Thursday, July 17, 2008

Picking the Bones, Draft 2

“I’ve heard rumors for years that Grandma Burgess kept his clothes, but I didn’t believe it.” Lisa, my oldest sister, sucked in her breath from across the room. We rushed to where Lisa knelt upon our father’s musty carpet, her arms outstretched, holding a tattered shirt out from her body as if the ragged piece of clothing might infect her with a strange disease. Her mouth open in shock, she eye-balled it up and down.

Resting the shirt over her arm, she pulled an accompanying pair of worn denim overalls from the green, hard-shelled suitcase that had exhaled the burned cinnamon smell of my grandmother’s house when she’d opened it.

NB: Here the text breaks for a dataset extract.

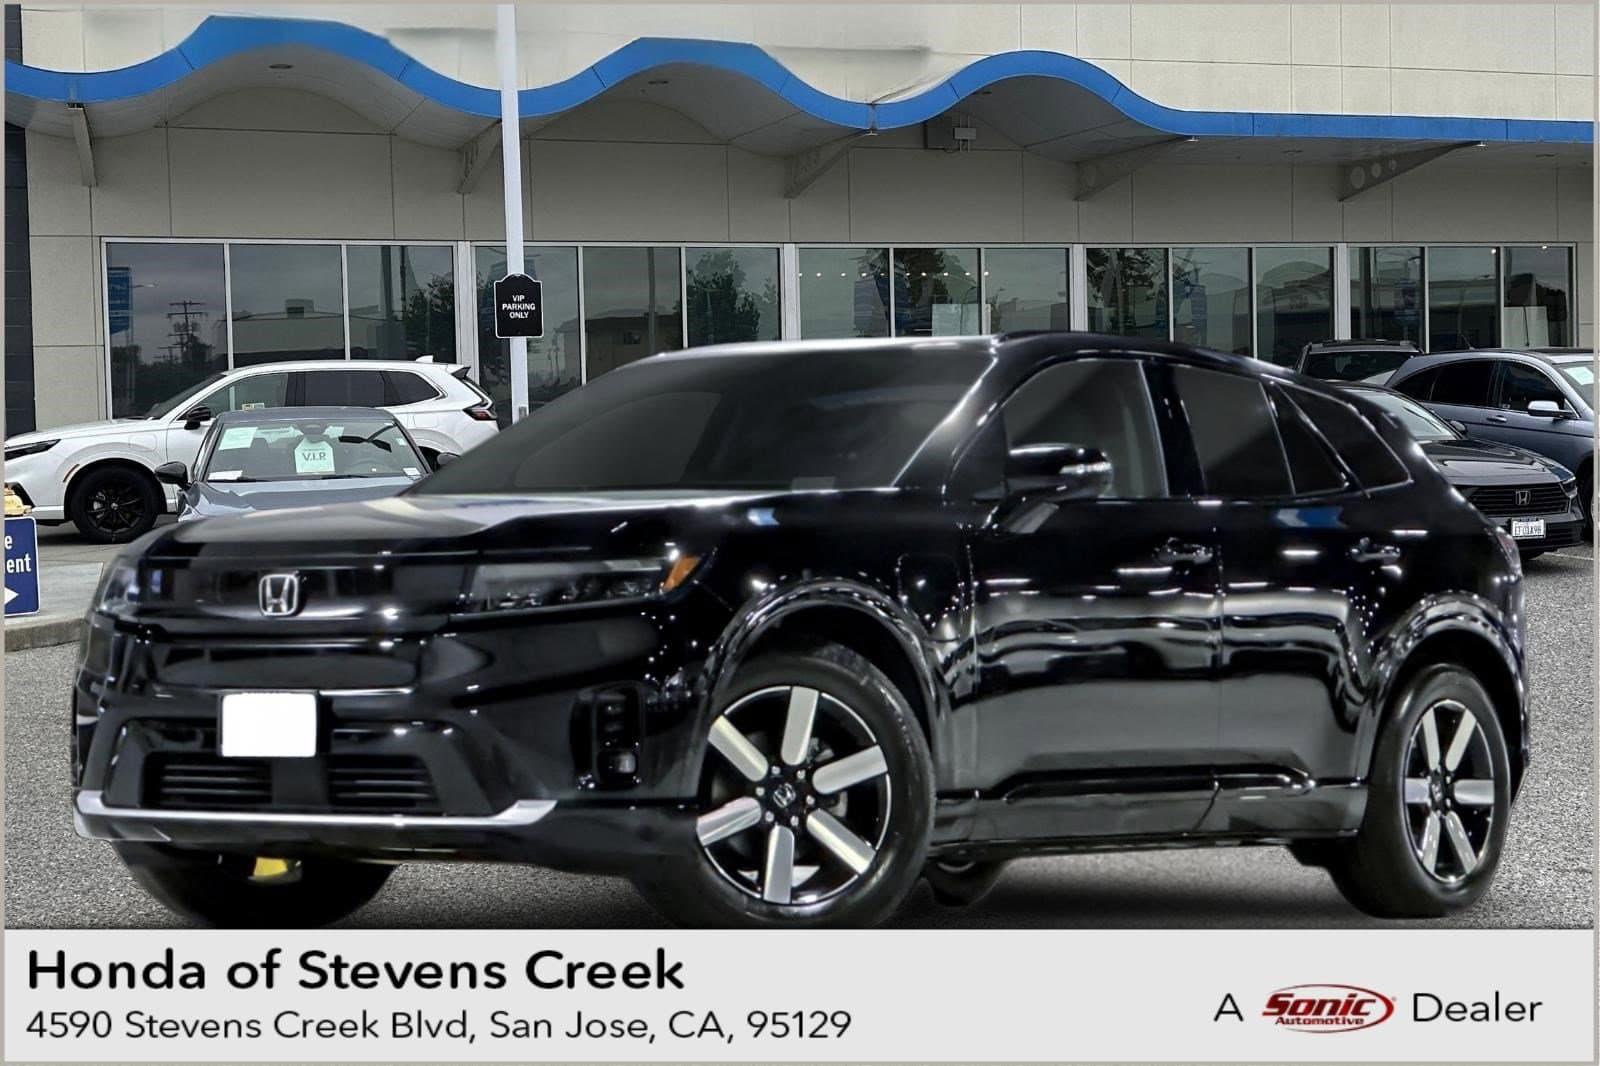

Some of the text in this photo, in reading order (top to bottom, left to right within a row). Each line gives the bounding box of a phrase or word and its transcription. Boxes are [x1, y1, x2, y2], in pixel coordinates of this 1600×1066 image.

[512, 294, 525, 302] VIP
[502, 303, 536, 311] PARKING
[509, 311, 529, 319] ONLY

I hardly noticed the rest of the suitcase’s contents. I was mystified. Unfolding the shirt, my eyes fastened on two jagged rips that showed signs of trauma to the shirt from its front to its back. I placed several fingers through the large rip over the front pocket and watched them wiggle through clean to the shirt’s back. I studied the shirt and its great tears singed around the edges with blood-brown flecks of color like deep tea stains.

“His name was Julian,” Lisa pulled herself up from the carpet that had soaked up my father’s stale cigarette smoke. “He was Grandma’s first born son…her voice trailed off as her eyes now skimmed the set of overalls, “… he was killed by lightening.”

“In these clothes…” I whispered.

A black and white photograph, aged but sturdy, had fallen out of the folded overalls revealing the face of a young boy wearing a smile tinged with a smirk. I liked him immediately and if we had known each other, we would have built forts together in the woods and been friends.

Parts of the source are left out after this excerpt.